_What is being asked_
For this task, output every entry below exactly and omit the pictures.

[[ Records open ]]

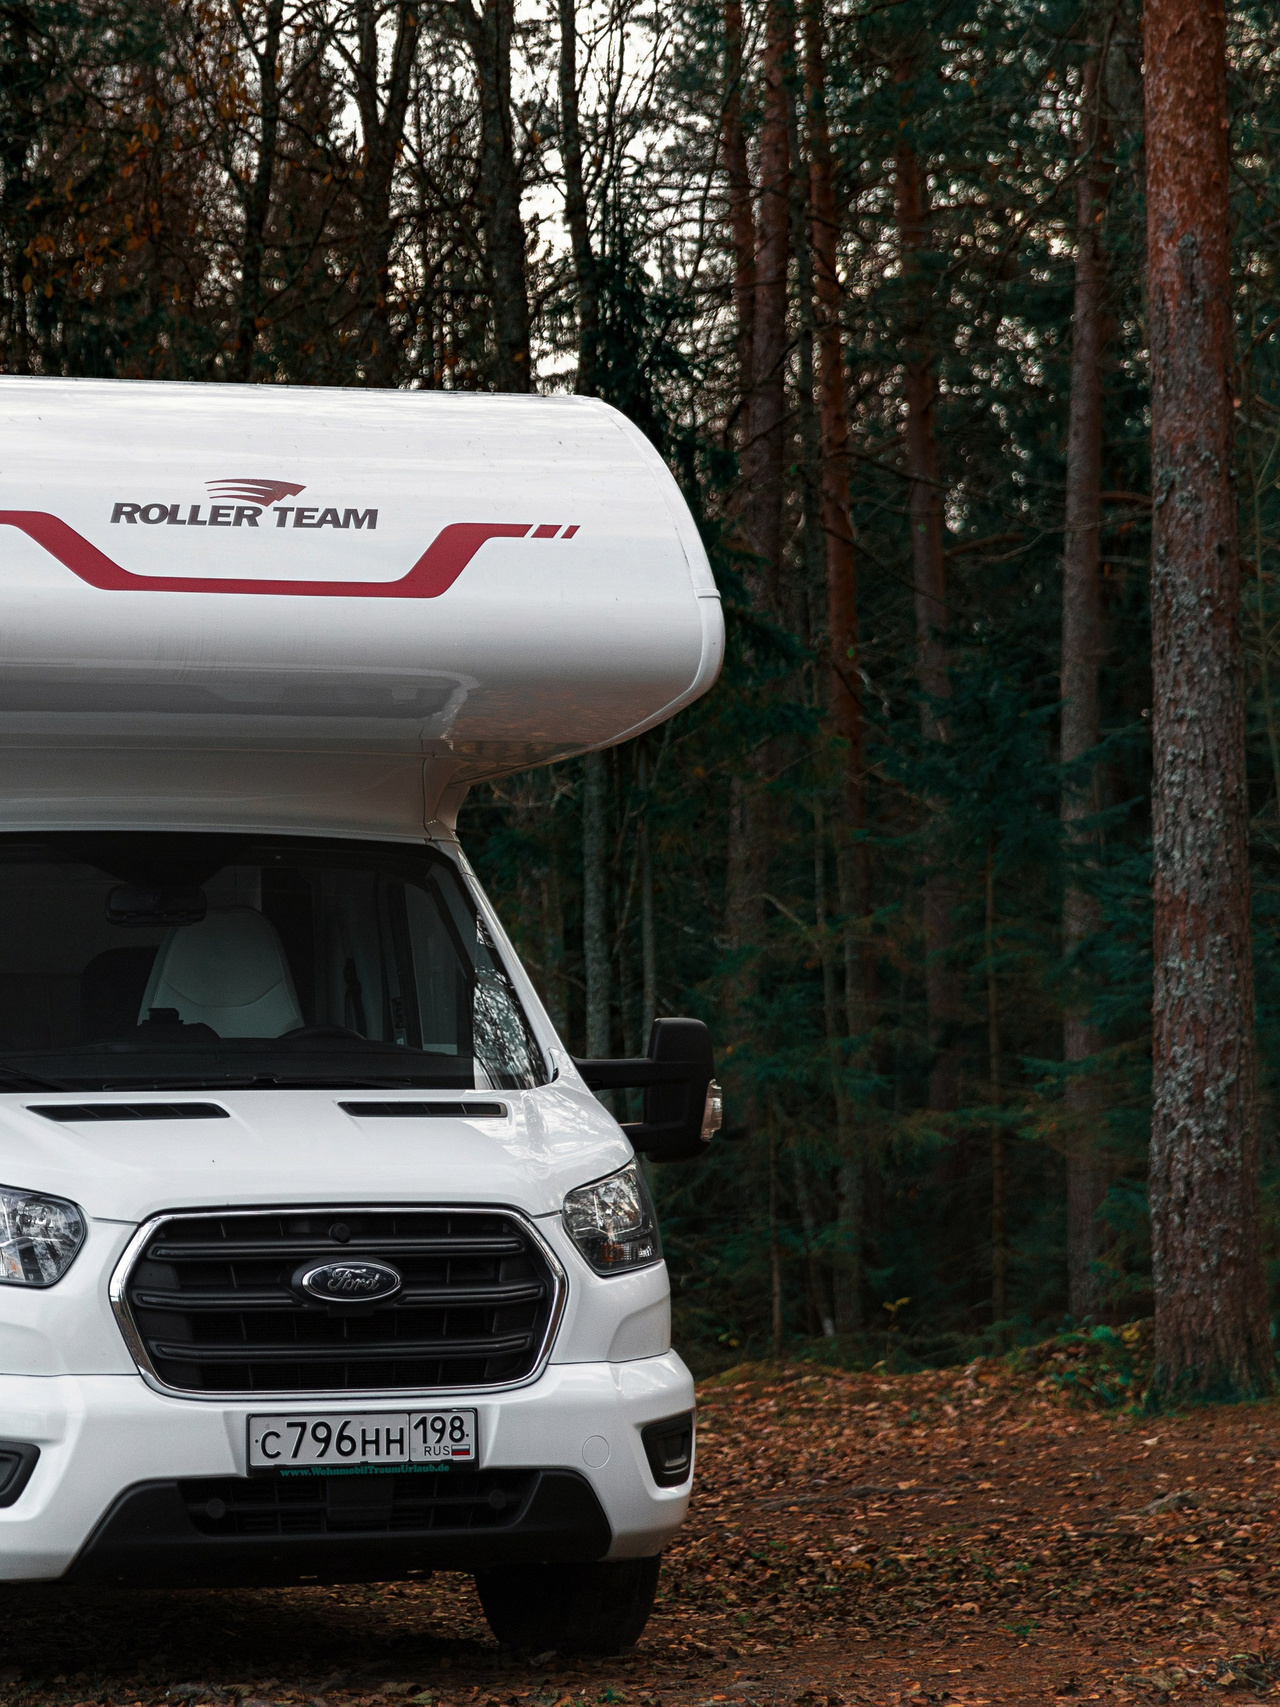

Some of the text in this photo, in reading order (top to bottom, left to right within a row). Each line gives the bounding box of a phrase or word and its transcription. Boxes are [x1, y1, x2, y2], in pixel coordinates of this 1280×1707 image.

[110, 502, 378, 530] ROLLER TEAM
[327, 1267, 380, 1292] Ford
[413, 1415, 465, 1444] 198
[424, 1445, 450, 1456] RUS
[280, 1464, 450, 1477] www.WohnmobilTraumUrlaub.de
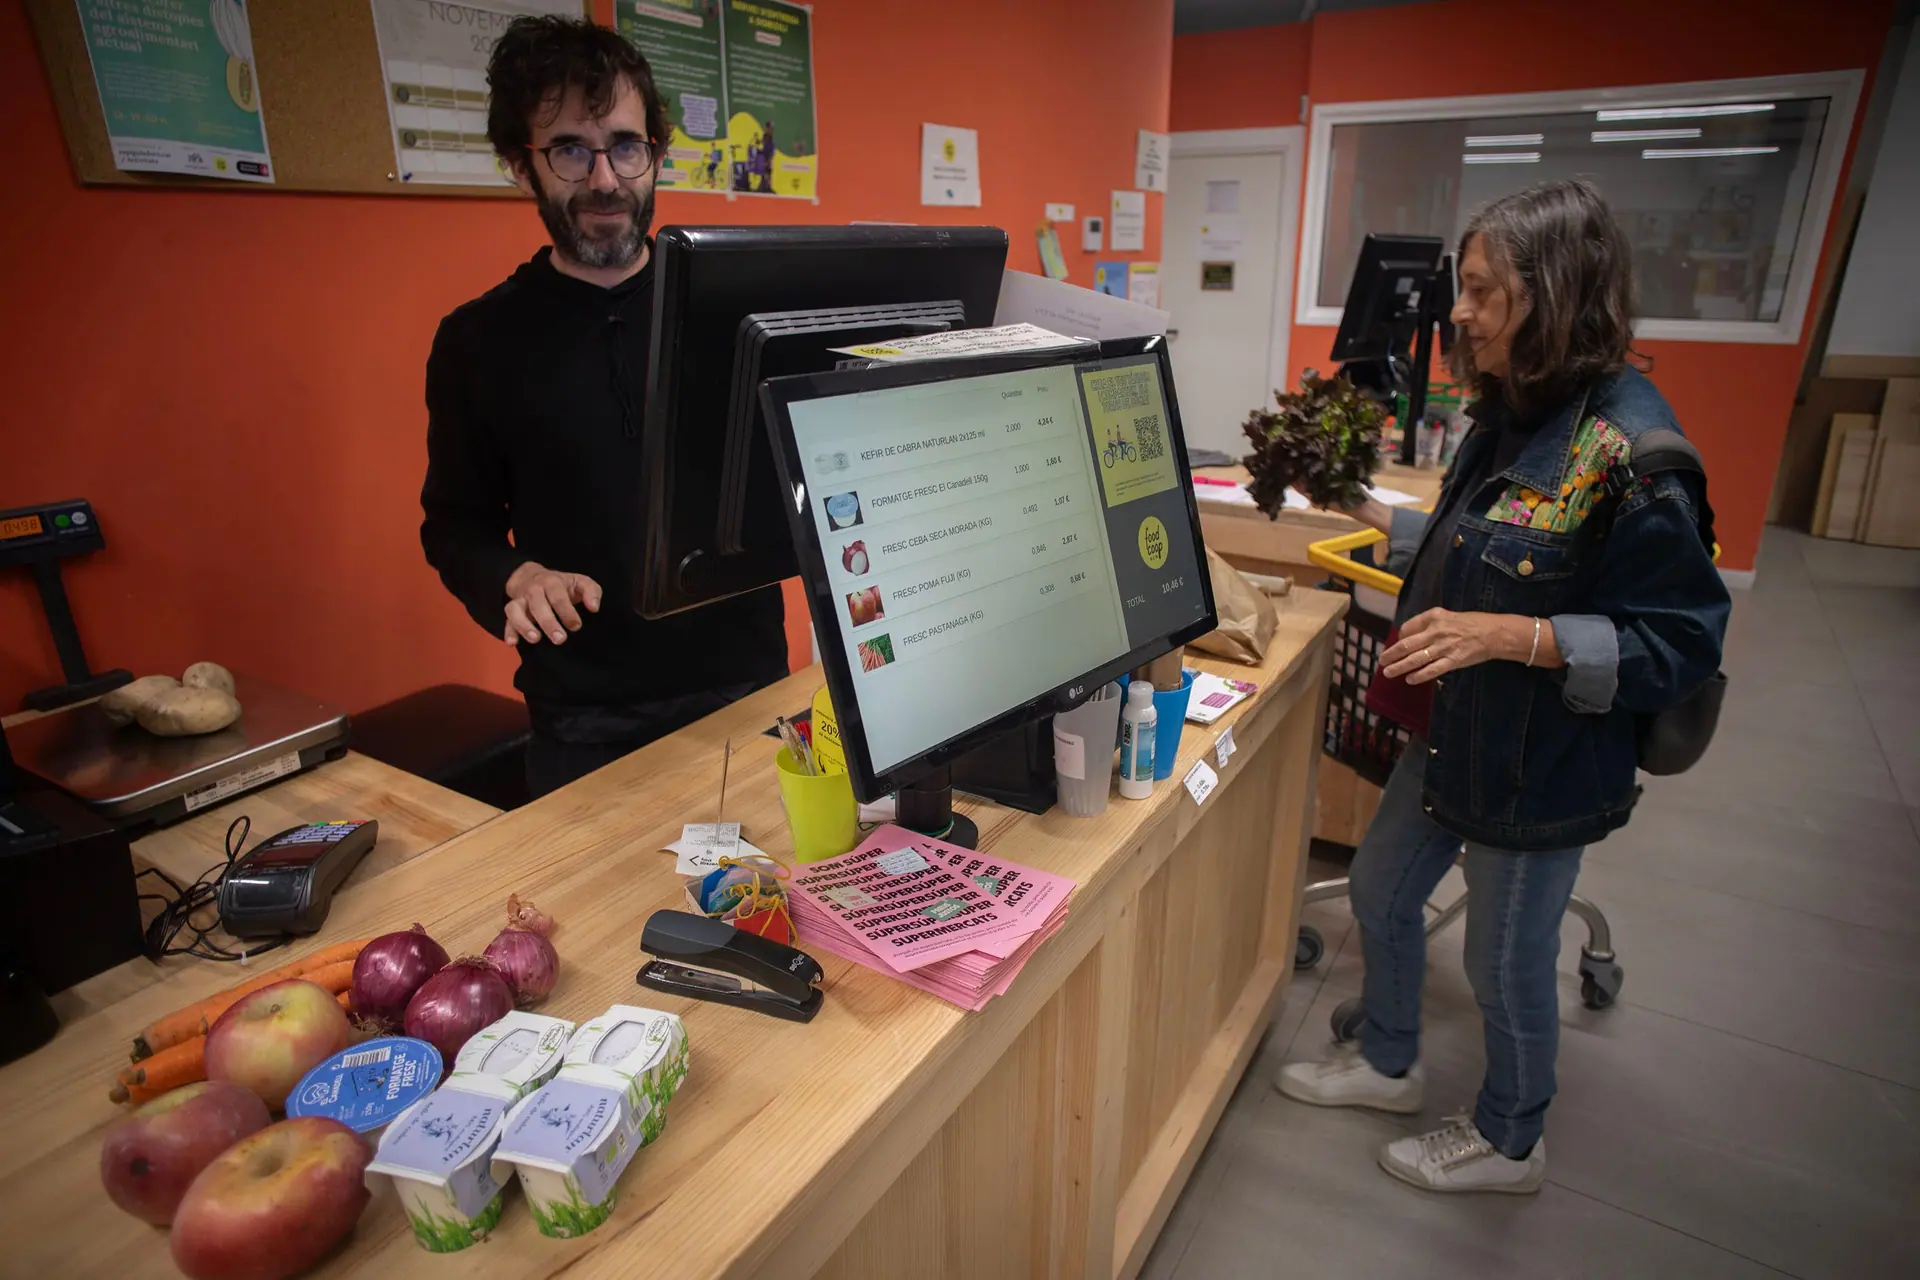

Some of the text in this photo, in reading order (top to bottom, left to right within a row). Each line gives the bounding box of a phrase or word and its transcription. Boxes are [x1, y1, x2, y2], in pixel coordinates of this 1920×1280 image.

[90, 8, 172, 33] del sistema
[429, 2, 512, 31] NOVEM
[93, 23, 200, 52] agroalimentari
[95, 37, 143, 53] actual
[860, 449, 884, 460] KEFIR
[885, 446, 896, 457] DE
[897, 442, 922, 454] CABRA
[922, 435, 958, 449] NATURLAN
[959, 430, 977, 442] 2x125
[977, 429, 986, 438] ml
[1005, 422, 1021, 433] 2,000
[1037, 417, 1049, 427] 4,24
[871, 490, 913, 508] FORMATGE
[914, 485, 938, 498] FRESC
[939, 483, 946, 492] El
[946, 477, 973, 490] Canadell
[974, 473, 989, 484] 150g
[1014, 463, 1030, 474] 1,000
[882, 541, 908, 555] FRESC
[908, 535, 929, 548] CEBA
[929, 529, 948, 542] SECA
[948, 521, 978, 536] MORADA
[978, 516, 993, 529] (KG)
[1023, 503, 1039, 515] 0,492
[1054, 496, 1065, 506] 1,07
[1145, 525, 1160, 546] food
[892, 586, 918, 600] FRESC
[918, 578, 940, 592] POMA
[940, 574, 956, 585] FUJI
[956, 568, 971, 579] (KG)
[1062, 535, 1073, 545] 2,87
[1147, 541, 1163, 560] coop
[1126, 594, 1146, 608] TOTAL
[1161, 579, 1179, 594] 10,46
[903, 630, 928, 646] FRESC
[928, 615, 968, 637] PASTANAGA
[969, 609, 984, 623] (KG)
[809, 861, 844, 874] SOM
[842, 847, 886, 866] SÚPER
[841, 882, 968, 921] SÚPERSÚPERSÚPER
[891, 912, 998, 947] SUPERMERCATS
[386, 1052, 406, 1100] FORMATGE
[401, 1059, 417, 1087] FRESC
[442, 1107, 492, 1164] naturlan
[565, 1098, 608, 1153] naturlan
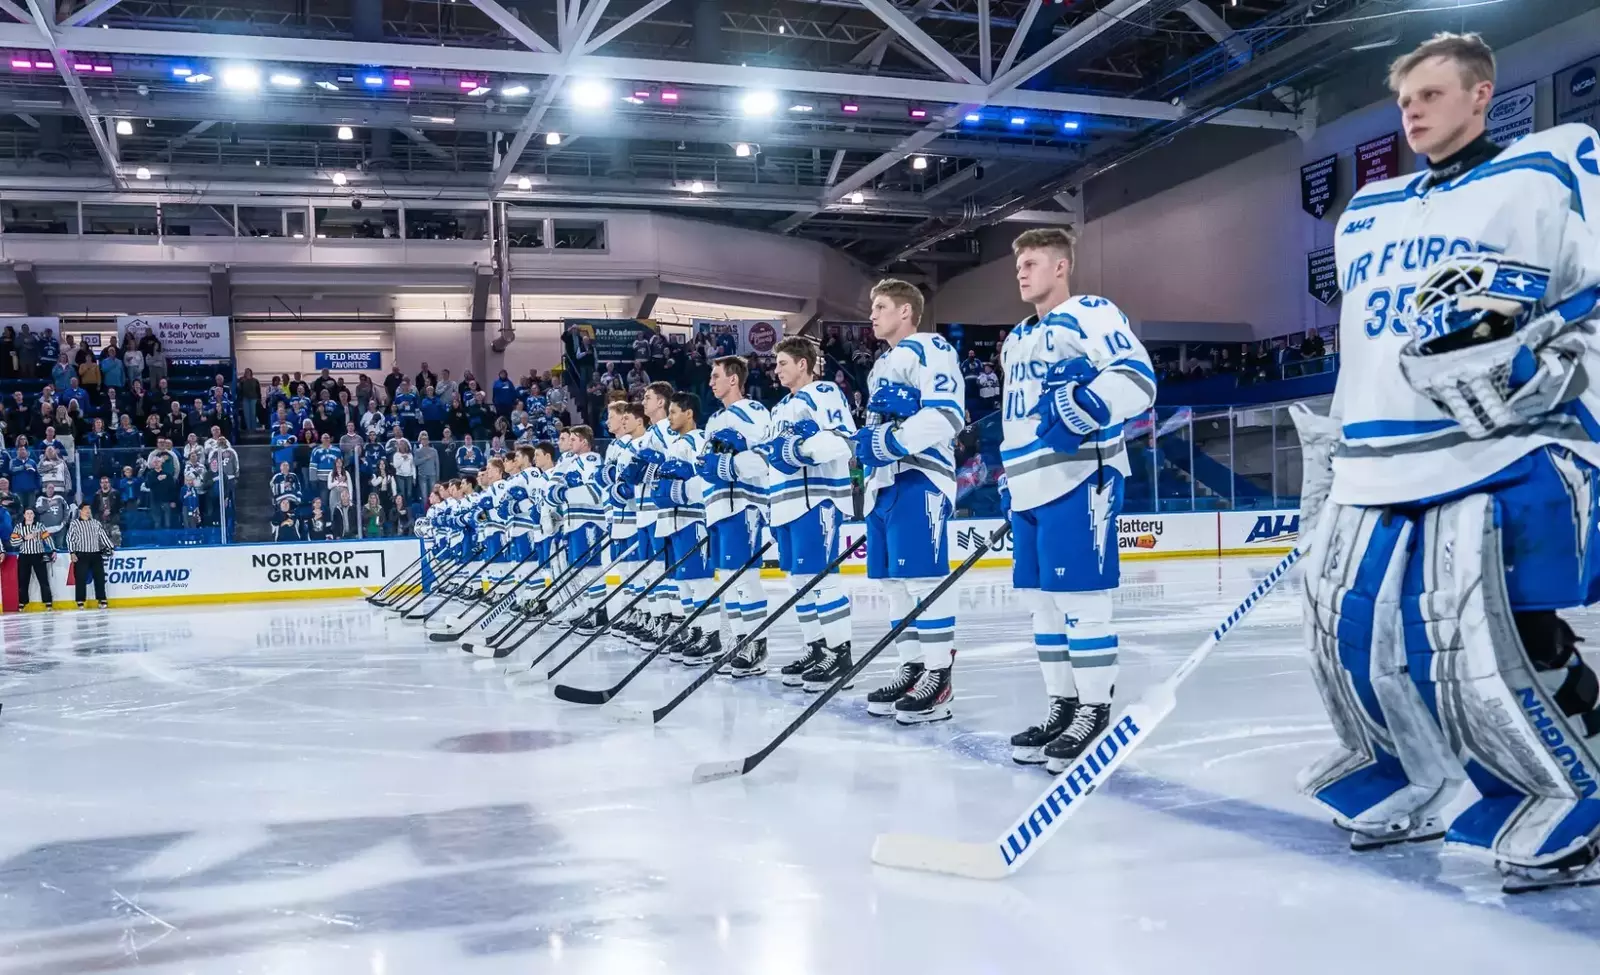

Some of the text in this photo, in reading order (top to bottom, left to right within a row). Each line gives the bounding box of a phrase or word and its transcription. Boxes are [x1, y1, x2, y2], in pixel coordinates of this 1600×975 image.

[[ Records closed ]]

_Response area_
Some of the text in this photo, in reading order (top to bottom, left to right within a row). Each line gives the bounding box of a phrase or word and its transcription. Boxes are [x1, y1, x2, y2], in pixel coordinates of this 1280×1707 image.

[110, 502, 378, 530] ROLLER TEAM
[327, 1267, 380, 1292] Ford
[413, 1415, 465, 1444] 198
[424, 1445, 450, 1456] RUS
[280, 1464, 450, 1477] www.WohnmobilTraumUrlaub.de

Some of the text in this photo, in reading order (top to bottom, left to right within a row). Each line gives the bounding box of a phrase or word and its transcription. Boxes are [x1, y1, x2, y2], in pixel coordinates of this 1920×1280 image.

[90, 8, 172, 33] del sistema
[429, 2, 512, 31] NOVEM
[93, 23, 200, 52] agroalimentari
[95, 37, 143, 53] actual
[860, 449, 884, 460] KEFIR
[885, 446, 896, 457] DE
[897, 442, 922, 454] CABRA
[922, 435, 958, 449] NATURLAN
[959, 430, 977, 442] 2x125
[977, 429, 986, 438] ml
[1005, 422, 1021, 433] 2,000
[1037, 417, 1049, 427] 4,24
[871, 490, 913, 508] FORMATGE
[914, 485, 938, 498] FRESC
[939, 483, 946, 492] El
[946, 477, 973, 490] Canadell
[974, 473, 989, 484] 150g
[1014, 463, 1030, 474] 1,000
[882, 541, 908, 555] FRESC
[908, 535, 929, 548] CEBA
[929, 529, 948, 542] SECA
[948, 521, 978, 536] MORADA
[978, 516, 993, 529] (KG)
[1023, 503, 1039, 515] 0,492
[1054, 496, 1065, 506] 1,07
[1145, 525, 1160, 546] food
[892, 586, 918, 600] FRESC
[918, 578, 940, 592] POMA
[940, 574, 956, 585] FUJI
[956, 568, 971, 579] (KG)
[1062, 535, 1073, 545] 2,87
[1147, 541, 1163, 560] coop
[1126, 594, 1146, 608] TOTAL
[1161, 579, 1179, 594] 10,46
[903, 630, 928, 646] FRESC
[928, 615, 968, 637] PASTANAGA
[969, 609, 984, 623] (KG)
[809, 861, 844, 874] SOM
[842, 847, 886, 866] SÚPER
[841, 882, 968, 921] SÚPERSÚPERSÚPER
[891, 912, 998, 947] SUPERMERCATS
[386, 1052, 406, 1100] FORMATGE
[401, 1059, 417, 1087] FRESC
[442, 1107, 492, 1164] naturlan
[565, 1098, 608, 1153] naturlan

Some of the text in this photo, in reading order (top to bottom, left to right within a row). Each line gives the bounding box of a phrase or word and its transcription. Boxes are [x1, y1, x2, y2], in pixel coordinates of this 1600×975 image.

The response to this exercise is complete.